I'd find it helpful to understand it better

thanks




Here's a brief analysis of a trade today using the method in this thread.
The stock was ANF and I found it pre-market from two sources:
1) it was a gapper,
2) the mixed Q3 guidance ahead of analyst day.

Market open and after a few minutes it created a high 'a' , then a low 'b', then a lower high 'c' , then a lower low 'd'.
This action constituted a classic four point trend definition.
This could have then moved anywhere and after that long one candle (3 minutes) plunge it was reasonable to expect some sort of bounce so I was looking for a convincing fall below 'd' with falling candles (as described many times on this thread).
When that occurred I shorted and exited as shown on the screen grab for 64c per share profit.
I traded ANF again a little later and lost 7c, again following my methodology of keeping any losers small.
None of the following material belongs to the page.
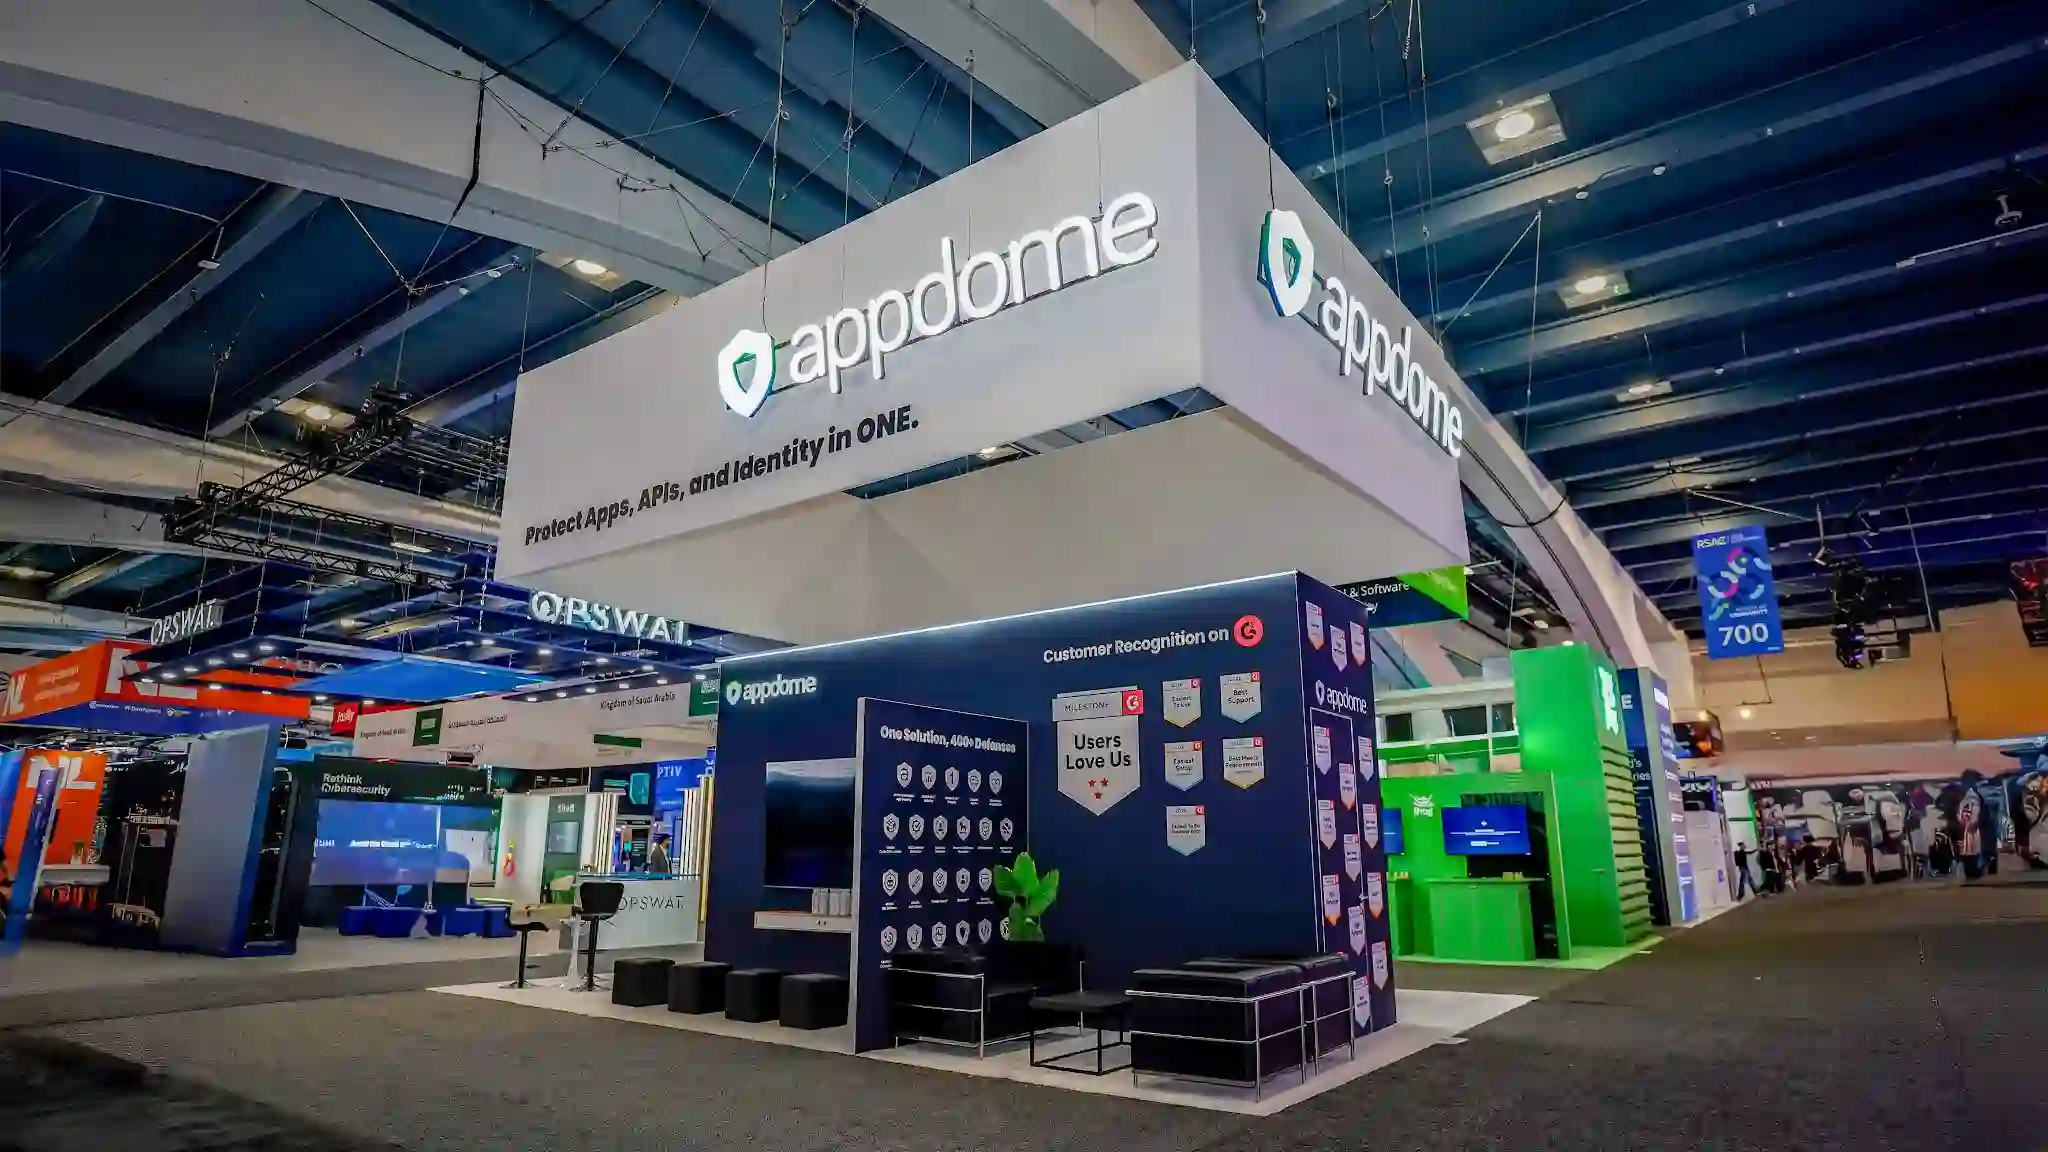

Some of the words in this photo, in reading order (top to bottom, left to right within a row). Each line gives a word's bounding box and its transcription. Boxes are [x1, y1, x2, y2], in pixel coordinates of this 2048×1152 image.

This method (and most of the other ones I use) are applicable with only slight modifications to most trading instruments, FX, indices, whatever and also across most time frames so hopefully some people might find this post useful.
 
Another System I Like To Use

Whenever I have to use a manual set up for a quick trade, I use the 30 minute opening range. It is very reliable especially in trending markets. Here is how it works:

1) Just pull up a 30 mi chart of the stock that you are targeting for a trade. This should be done as soon as the market opens.

2) Wait for the first 30 minutes to elapse.

3) Draw a line at to mark the high of the 30 minute opening range

4) Draw a second line to mark the low of the 30 minute opening range.

Once the stock rises/breaks above the top of the range you can go long. Similarly, if it breaks below the low of the range, you can go short.

The main idea is that the high or low of the day is usually made in the first 30 minutes of the trading session. This is true about 78% of the times. It has been a consistent strategy especially for quick day trades.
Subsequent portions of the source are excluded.